= EXERCISE =
An exact copy of each line below is needed, with no images in it.

(Entries taken from a collection)
☆ ☆ ☆
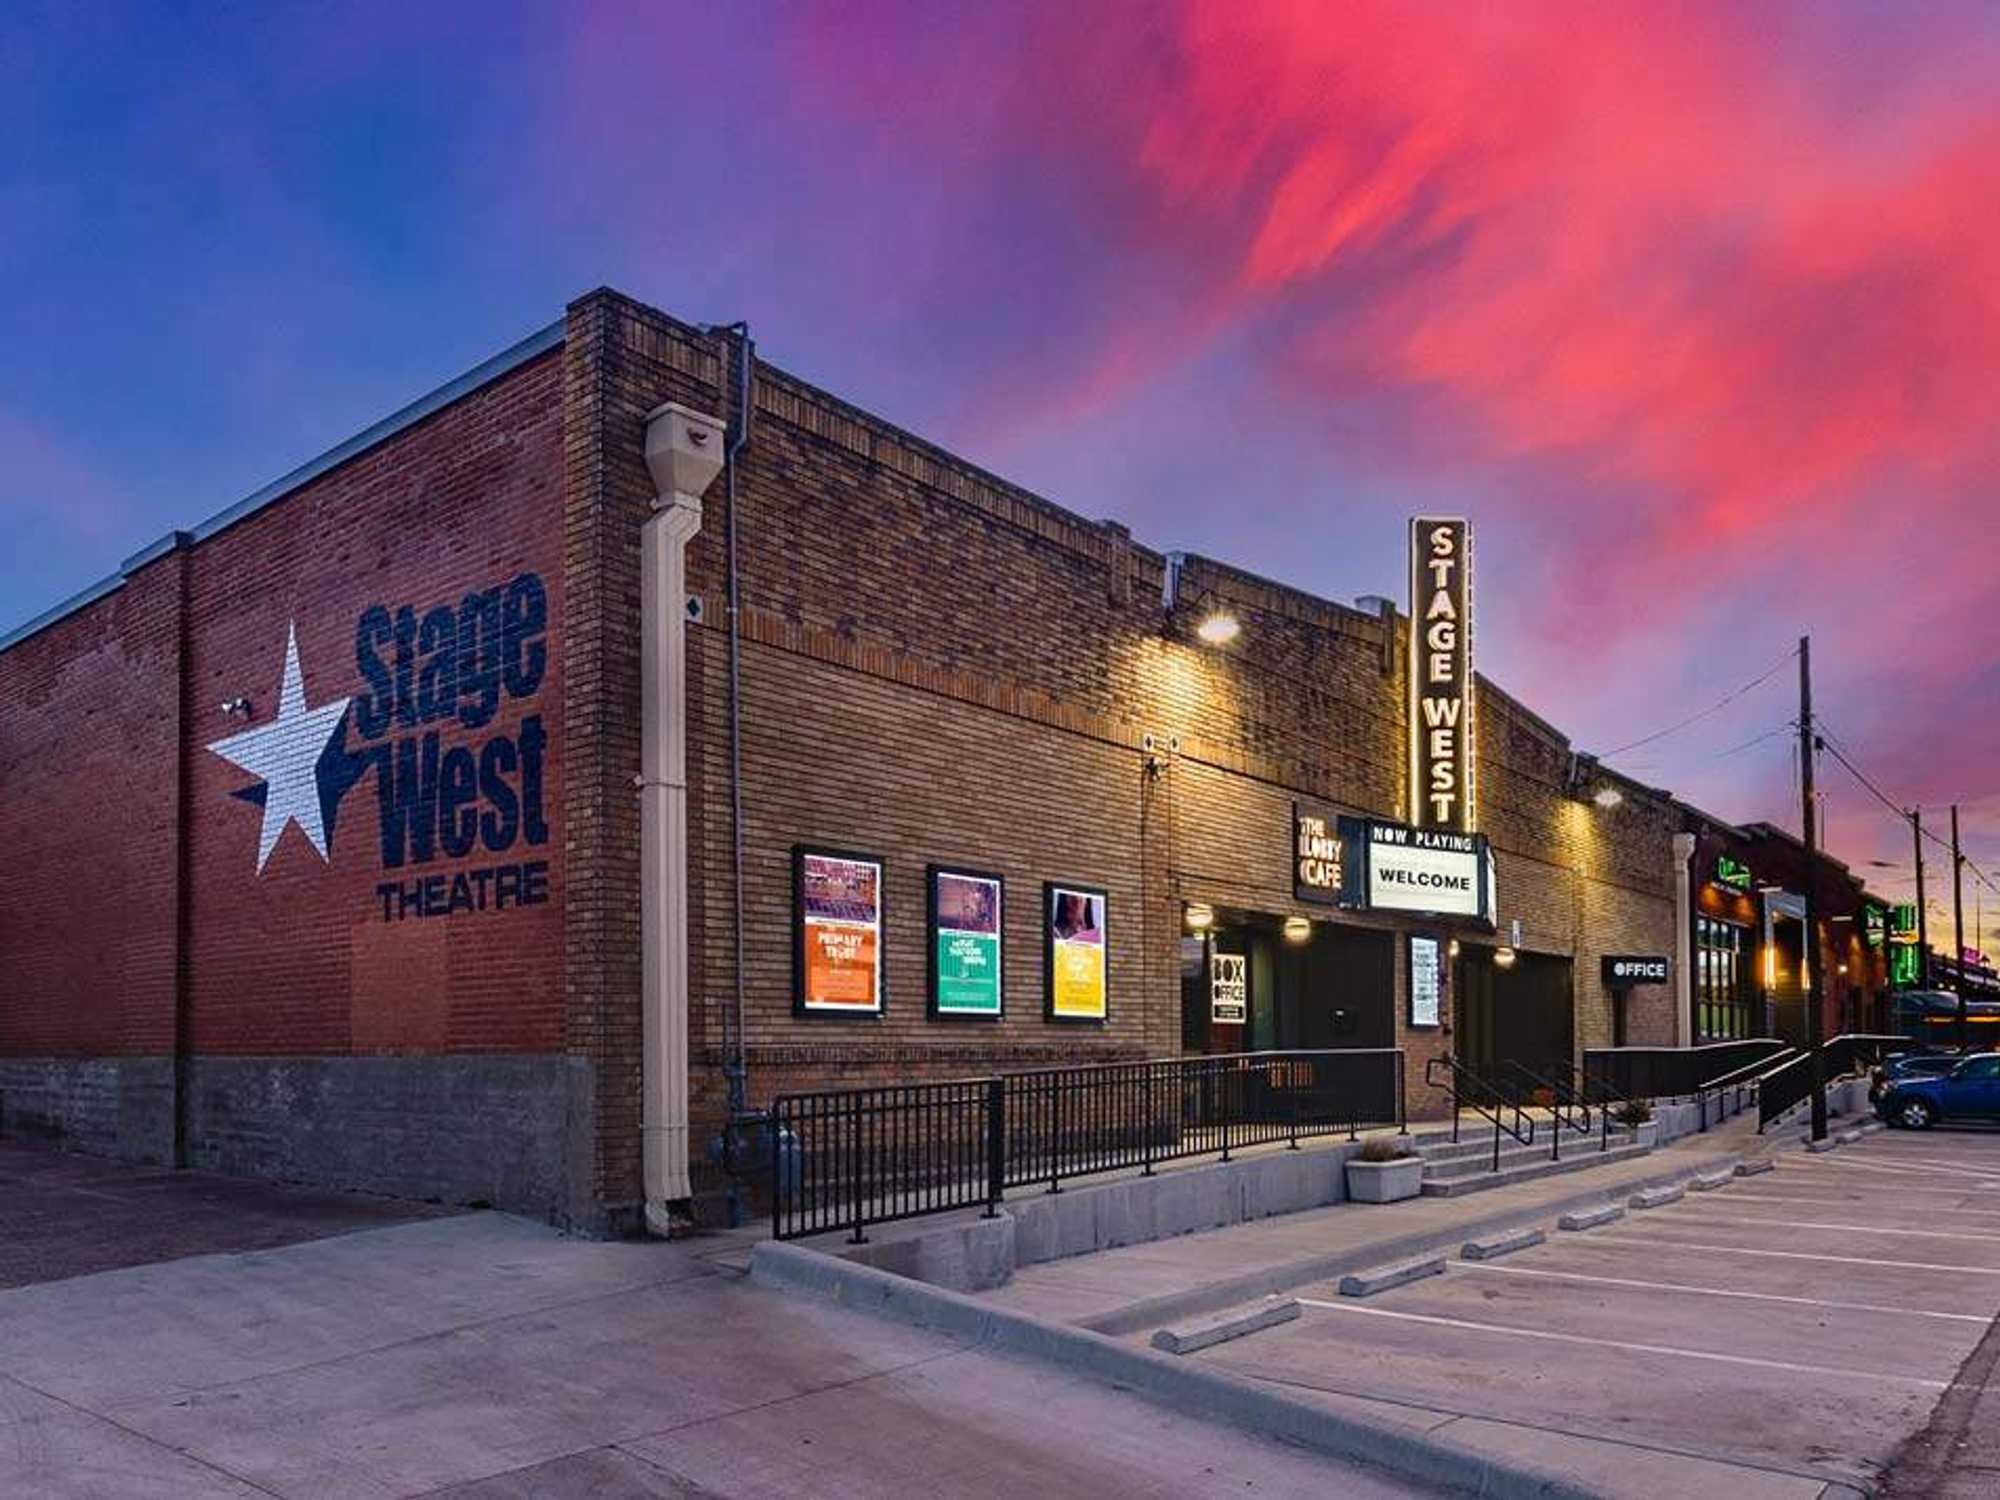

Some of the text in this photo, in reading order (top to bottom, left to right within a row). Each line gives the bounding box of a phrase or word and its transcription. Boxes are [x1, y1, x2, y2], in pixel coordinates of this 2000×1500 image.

[352, 572, 548, 740] Stage
[1422, 526, 1461, 823] STAGE WEST
[372, 714, 549, 869] West
[1299, 816, 1326, 837] THE
[1373, 827, 1473, 851] NOW PLAYING
[375, 860, 549, 923] THEATRE
[1378, 868, 1471, 891] WELCOME
[1214, 958, 1243, 983] BOX
[1614, 962, 1666, 977] OFFICE
[1214, 984, 1244, 1001] OFFICE
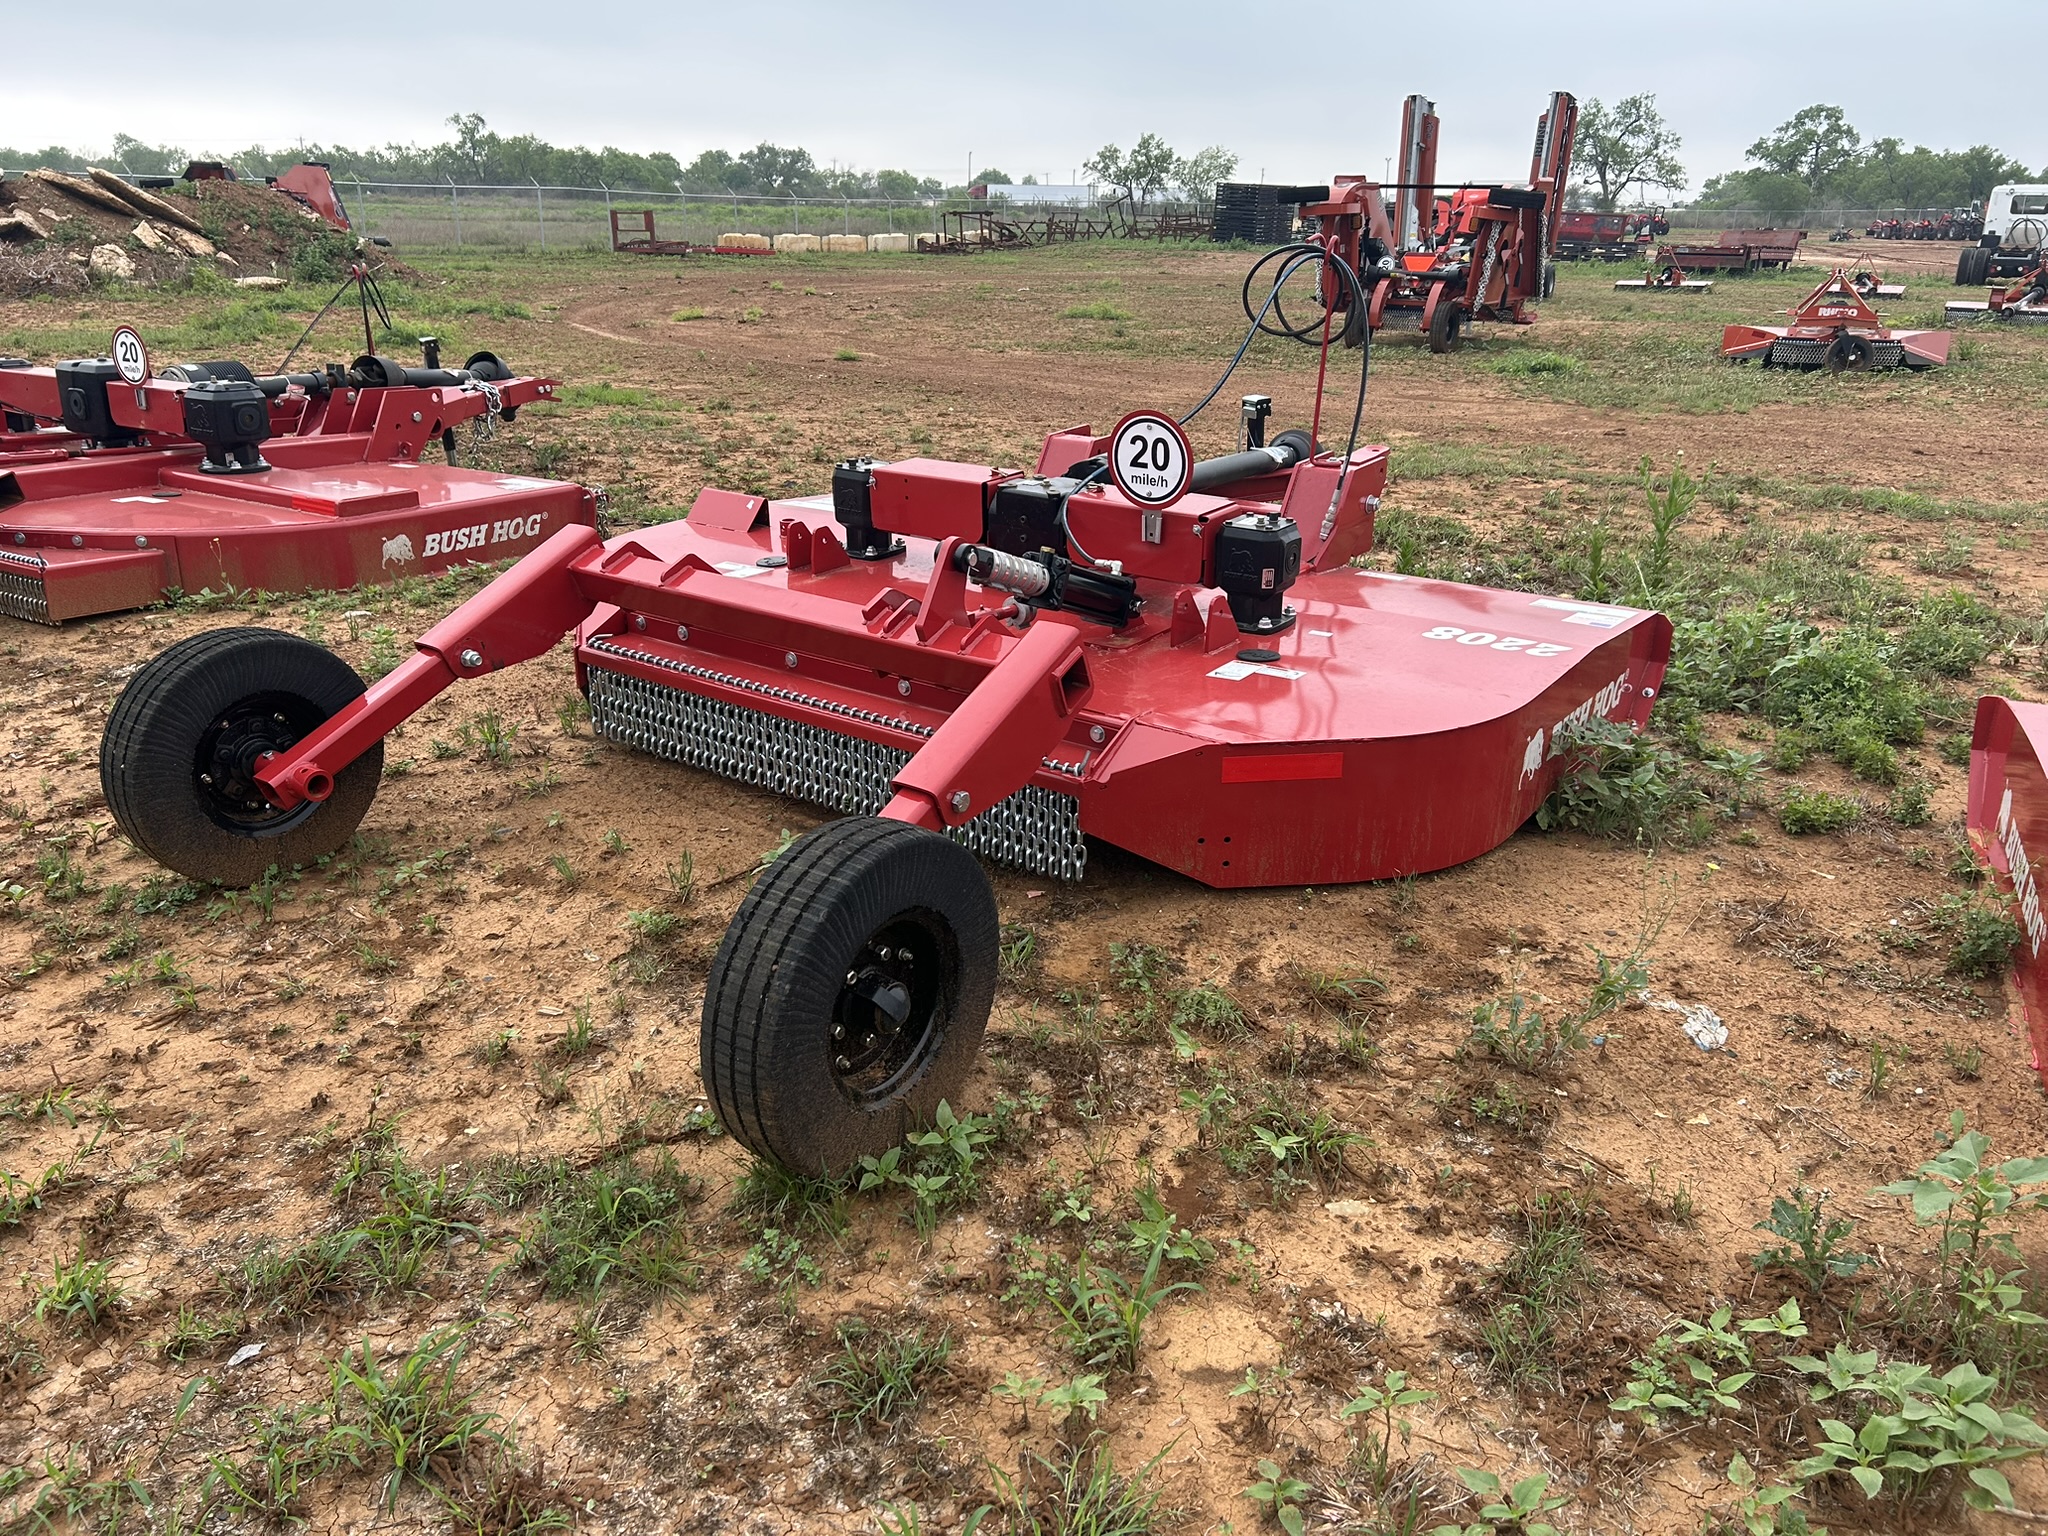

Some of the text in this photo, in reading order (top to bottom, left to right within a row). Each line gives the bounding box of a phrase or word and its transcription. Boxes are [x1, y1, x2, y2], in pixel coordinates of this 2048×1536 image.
☆ ☆ ☆
= ANSWER FOR THE TASK =
Some of the text in this photo, in reading order (top to bottom, left to right within a row). Each line gives the bounding box of a phrase or word and its transcription. Boxes are [x1, y1, x2, y2], in pixel coordinates of this 2000×1500 image.

[352, 572, 548, 740] Stage
[1422, 526, 1461, 823] STAGE WEST
[372, 714, 549, 869] West
[1299, 816, 1326, 837] THE
[1373, 827, 1473, 851] NOW PLAYING
[375, 860, 549, 923] THEATRE
[1378, 868, 1471, 891] WELCOME
[1214, 958, 1243, 983] BOX
[1614, 962, 1666, 977] OFFICE
[1214, 984, 1244, 1001] OFFICE

Some of the text in this photo, in reading order (top to bottom, left to right within a row). Each line gives the bounding box of a phrase or word and its transcription. Boxes are [x1, y1, x2, y2], in pixel coordinates of this 2048×1536 image.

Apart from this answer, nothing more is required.